__Dataset excerpts__
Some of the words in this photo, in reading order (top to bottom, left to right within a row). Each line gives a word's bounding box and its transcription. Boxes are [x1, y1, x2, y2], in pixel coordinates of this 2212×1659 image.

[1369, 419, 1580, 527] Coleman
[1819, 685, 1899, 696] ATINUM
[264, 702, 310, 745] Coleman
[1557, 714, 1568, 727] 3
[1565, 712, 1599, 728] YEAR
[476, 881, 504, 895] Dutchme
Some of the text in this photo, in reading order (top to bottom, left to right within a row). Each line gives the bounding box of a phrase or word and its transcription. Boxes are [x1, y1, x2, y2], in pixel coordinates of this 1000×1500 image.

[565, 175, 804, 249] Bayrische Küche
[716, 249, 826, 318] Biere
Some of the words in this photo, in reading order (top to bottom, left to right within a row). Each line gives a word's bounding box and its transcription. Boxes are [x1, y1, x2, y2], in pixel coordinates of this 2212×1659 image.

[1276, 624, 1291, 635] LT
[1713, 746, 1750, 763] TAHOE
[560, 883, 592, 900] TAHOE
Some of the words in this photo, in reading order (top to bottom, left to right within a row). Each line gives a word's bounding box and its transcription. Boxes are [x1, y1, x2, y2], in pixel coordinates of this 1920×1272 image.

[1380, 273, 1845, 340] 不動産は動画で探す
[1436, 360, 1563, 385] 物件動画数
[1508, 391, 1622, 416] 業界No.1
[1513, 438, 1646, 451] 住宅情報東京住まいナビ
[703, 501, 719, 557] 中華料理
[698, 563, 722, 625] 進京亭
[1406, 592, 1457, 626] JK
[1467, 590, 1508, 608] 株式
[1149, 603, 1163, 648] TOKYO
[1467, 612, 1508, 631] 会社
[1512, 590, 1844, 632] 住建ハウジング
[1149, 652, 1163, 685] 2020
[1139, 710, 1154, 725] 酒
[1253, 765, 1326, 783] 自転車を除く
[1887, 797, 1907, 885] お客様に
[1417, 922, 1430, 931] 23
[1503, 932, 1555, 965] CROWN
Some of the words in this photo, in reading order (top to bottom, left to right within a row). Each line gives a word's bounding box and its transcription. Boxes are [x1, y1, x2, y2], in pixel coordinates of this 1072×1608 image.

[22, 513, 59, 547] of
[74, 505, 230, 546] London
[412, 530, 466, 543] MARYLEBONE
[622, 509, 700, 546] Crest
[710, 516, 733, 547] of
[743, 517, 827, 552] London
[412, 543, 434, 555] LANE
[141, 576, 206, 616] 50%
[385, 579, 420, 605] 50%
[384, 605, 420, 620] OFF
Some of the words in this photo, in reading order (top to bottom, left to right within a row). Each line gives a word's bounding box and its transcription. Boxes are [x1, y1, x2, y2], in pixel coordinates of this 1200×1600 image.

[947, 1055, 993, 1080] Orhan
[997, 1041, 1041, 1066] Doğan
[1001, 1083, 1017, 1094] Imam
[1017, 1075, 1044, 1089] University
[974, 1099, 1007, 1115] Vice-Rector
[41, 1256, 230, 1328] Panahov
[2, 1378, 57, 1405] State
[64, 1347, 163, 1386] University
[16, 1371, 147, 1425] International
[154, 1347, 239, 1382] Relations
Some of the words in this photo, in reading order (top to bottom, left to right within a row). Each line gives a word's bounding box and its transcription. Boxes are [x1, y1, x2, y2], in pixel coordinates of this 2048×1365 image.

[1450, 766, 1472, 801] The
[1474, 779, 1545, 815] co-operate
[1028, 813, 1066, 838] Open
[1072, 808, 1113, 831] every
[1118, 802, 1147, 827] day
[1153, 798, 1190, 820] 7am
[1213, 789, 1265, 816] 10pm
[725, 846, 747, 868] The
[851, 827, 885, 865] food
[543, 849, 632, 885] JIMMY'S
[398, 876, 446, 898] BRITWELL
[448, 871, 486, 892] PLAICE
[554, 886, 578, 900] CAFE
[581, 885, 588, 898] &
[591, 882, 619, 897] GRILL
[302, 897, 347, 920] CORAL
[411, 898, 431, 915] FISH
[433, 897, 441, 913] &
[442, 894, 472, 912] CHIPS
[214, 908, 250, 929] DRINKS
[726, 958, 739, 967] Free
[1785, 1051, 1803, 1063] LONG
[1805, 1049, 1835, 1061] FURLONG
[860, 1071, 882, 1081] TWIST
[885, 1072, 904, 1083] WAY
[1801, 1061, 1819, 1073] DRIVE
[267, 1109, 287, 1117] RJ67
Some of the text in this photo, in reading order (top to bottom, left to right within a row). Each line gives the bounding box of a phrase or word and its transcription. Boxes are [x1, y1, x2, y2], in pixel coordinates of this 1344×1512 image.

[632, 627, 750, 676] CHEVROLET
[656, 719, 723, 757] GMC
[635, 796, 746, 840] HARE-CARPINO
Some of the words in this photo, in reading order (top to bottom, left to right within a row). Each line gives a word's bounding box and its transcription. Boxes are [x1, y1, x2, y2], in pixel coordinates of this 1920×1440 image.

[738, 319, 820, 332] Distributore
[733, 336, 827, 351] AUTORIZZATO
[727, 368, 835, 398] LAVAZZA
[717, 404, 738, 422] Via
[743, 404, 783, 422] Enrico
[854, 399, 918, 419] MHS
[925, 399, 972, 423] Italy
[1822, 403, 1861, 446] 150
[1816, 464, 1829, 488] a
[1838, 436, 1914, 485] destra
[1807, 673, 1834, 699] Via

__Task brief__
Every line from the one containing "this 1344×1512 image." through the end of the data must be repeated exactly, and no other line.

__Your solution__
Some of the text in this photo, in reading order (top to bottom, left to right within a row). Each line gives the bounding box of a phrase or word and its transcription. Boxes are [x1, y1, x2, y2], in pixel coordinates of this 1344×1512 image.

[632, 627, 750, 676] CHEVROLET
[656, 719, 723, 757] GMC
[635, 796, 746, 840] HARE-CARPINO
Some of the words in this photo, in reading order (top to bottom, left to right within a row). Each line gives a word's bounding box and its transcription. Boxes are [x1, y1, x2, y2], in pixel coordinates of this 1920×1440 image.

[738, 319, 820, 332] Distributore
[733, 336, 827, 351] AUTORIZZATO
[727, 368, 835, 398] LAVAZZA
[717, 404, 738, 422] Via
[743, 404, 783, 422] Enrico
[854, 399, 918, 419] MHS
[925, 399, 972, 423] Italy
[1822, 403, 1861, 446] 150
[1816, 464, 1829, 488] a
[1838, 436, 1914, 485] destra
[1807, 673, 1834, 699] Via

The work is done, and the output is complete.